━━ RECORDS FOR THIS TASK

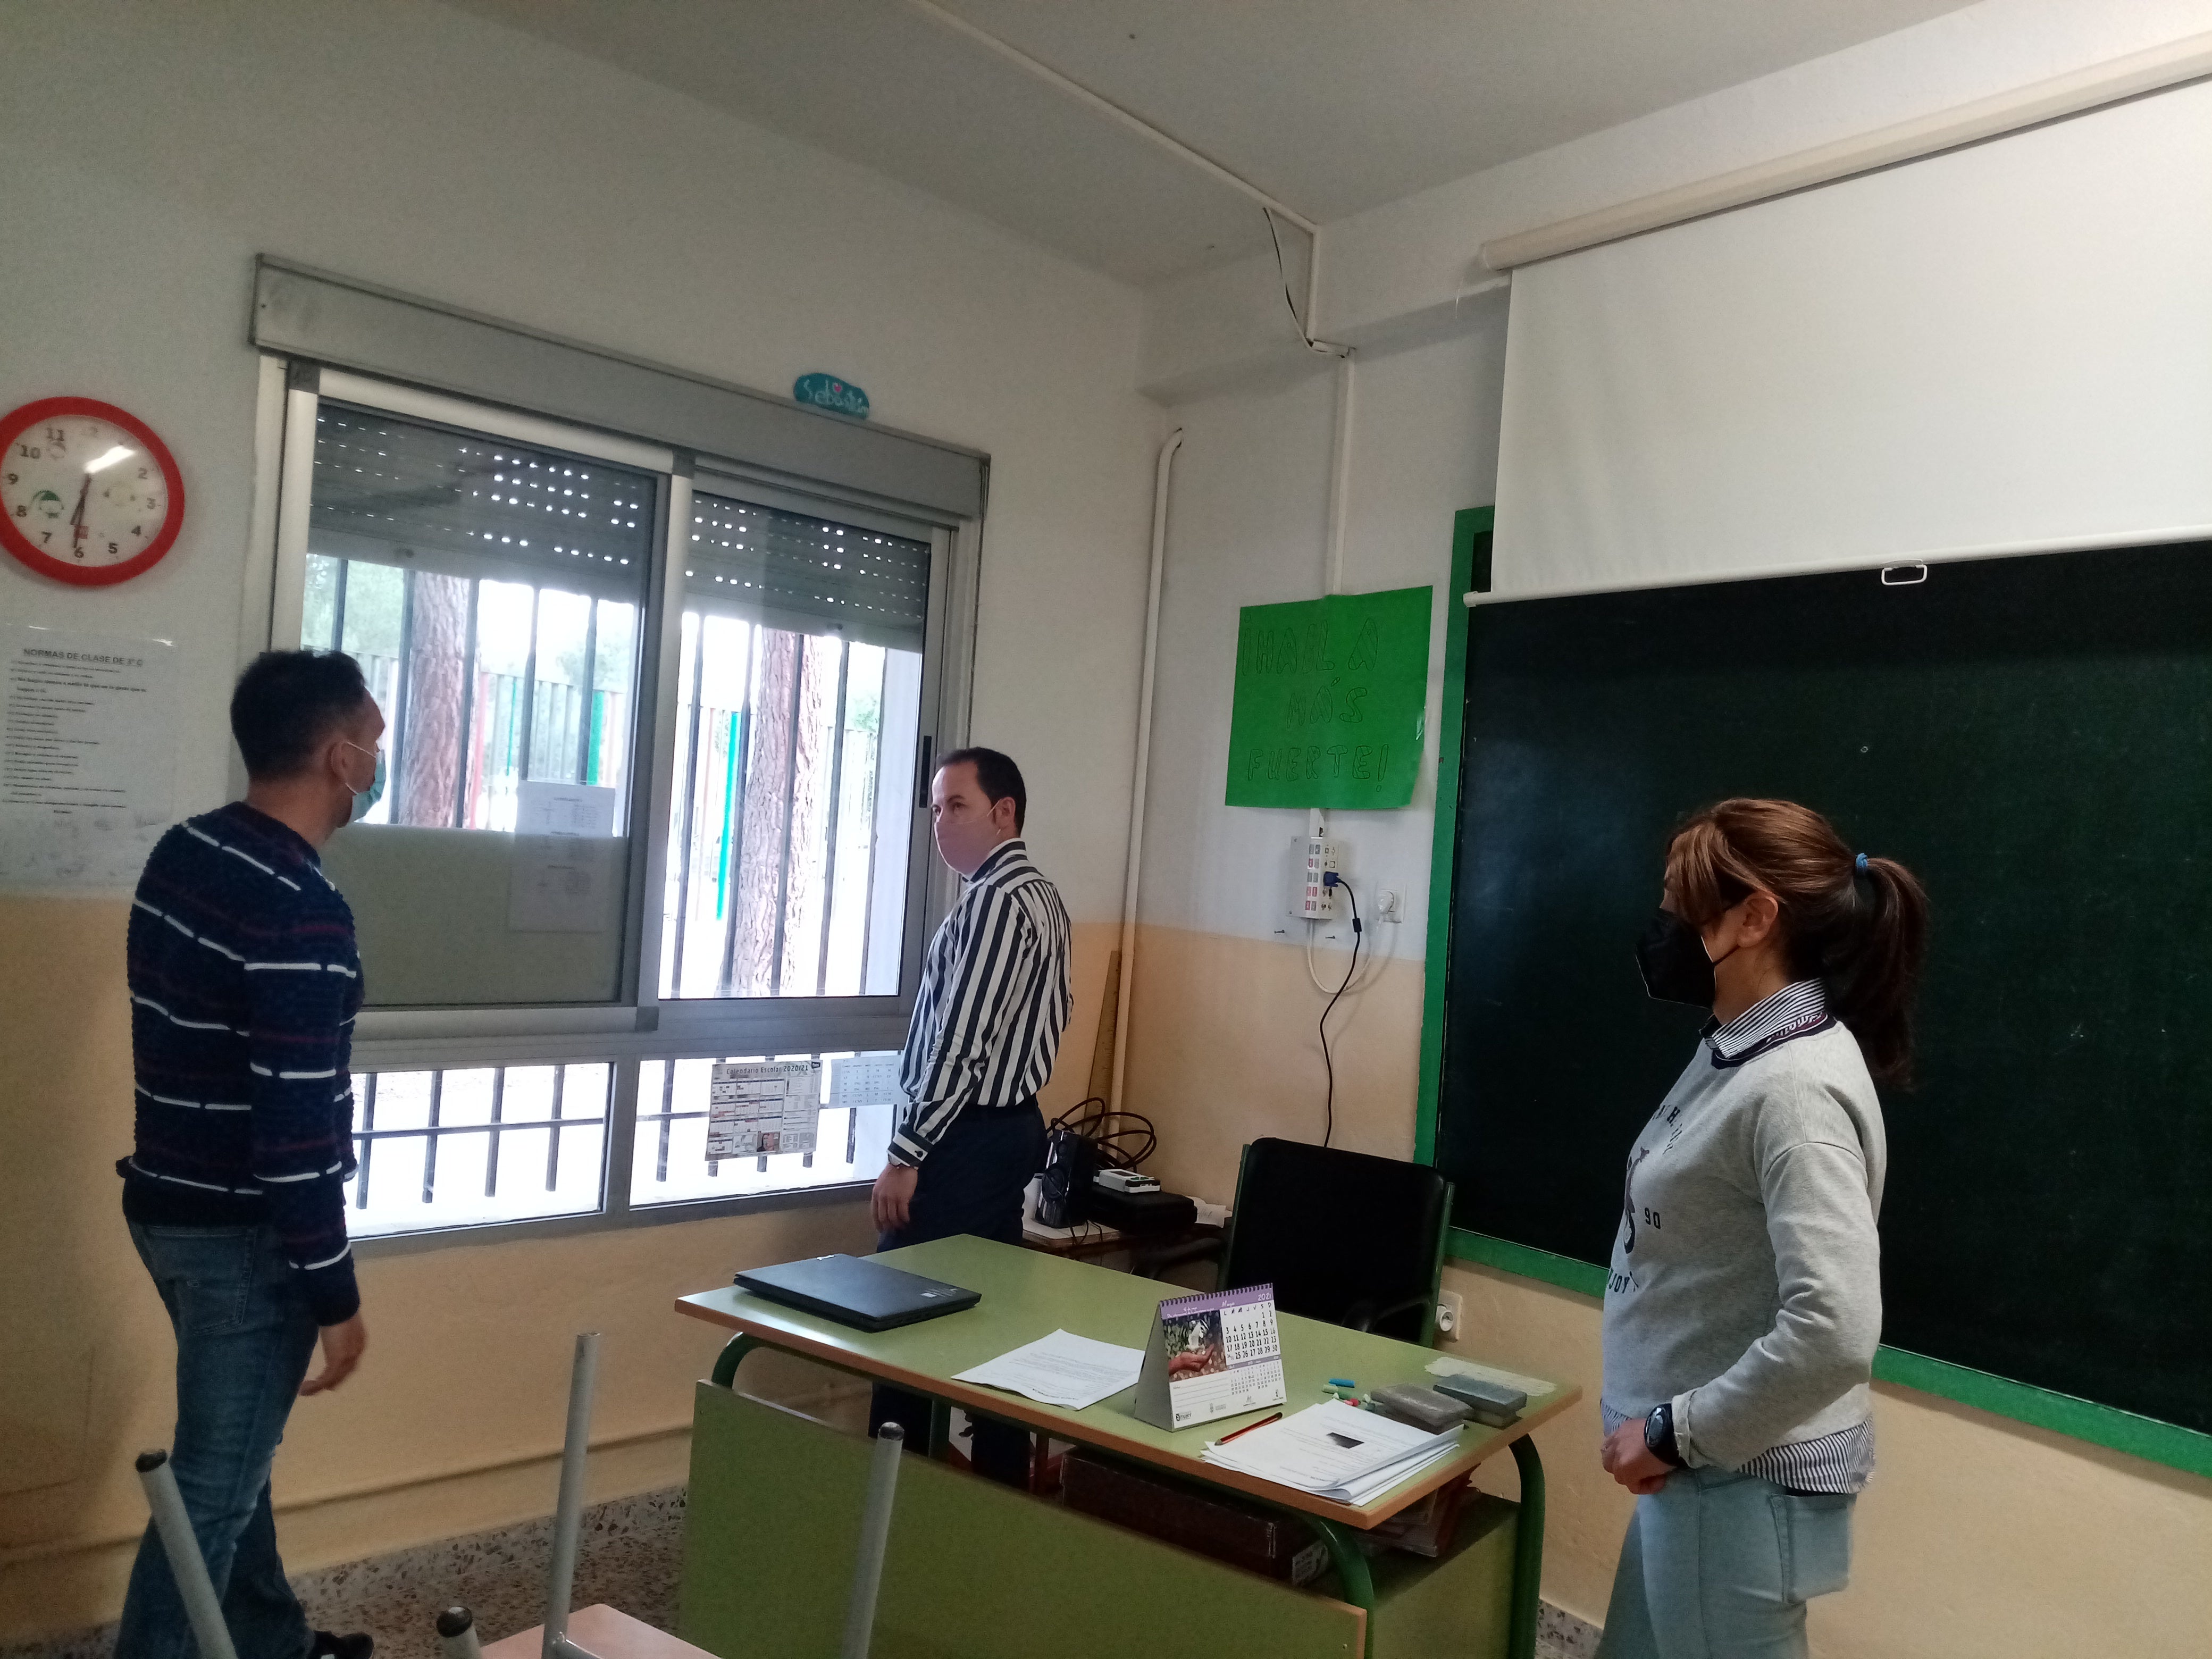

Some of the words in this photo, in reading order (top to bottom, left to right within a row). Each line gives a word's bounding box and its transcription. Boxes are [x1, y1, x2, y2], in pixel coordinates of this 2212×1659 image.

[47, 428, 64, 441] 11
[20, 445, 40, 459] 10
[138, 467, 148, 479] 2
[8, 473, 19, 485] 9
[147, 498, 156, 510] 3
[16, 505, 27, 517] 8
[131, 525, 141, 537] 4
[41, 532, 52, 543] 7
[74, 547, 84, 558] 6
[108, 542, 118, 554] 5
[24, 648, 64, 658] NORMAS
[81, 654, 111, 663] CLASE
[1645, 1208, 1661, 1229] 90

━━━━

- [YOUR ASSIGNMENT] For every entry, return its exact wording and leave out any image.

- [YOUR RESPONSE]
Some of the words in this photo, in reading order (top to bottom, left to right within a row). Each line gives a word's bounding box and its transcription. Boxes are [x1, y1, x2, y2], in pixel coordinates of this 2212×1659 image.

[47, 428, 64, 441] 11
[20, 445, 40, 459] 10
[138, 467, 148, 479] 2
[8, 473, 19, 485] 9
[147, 498, 156, 510] 3
[16, 505, 27, 517] 8
[131, 525, 141, 537] 4
[41, 532, 52, 543] 7
[74, 547, 84, 558] 6
[108, 542, 118, 554] 5
[24, 648, 64, 658] NORMAS
[81, 654, 111, 663] CLASE
[1645, 1208, 1661, 1229] 90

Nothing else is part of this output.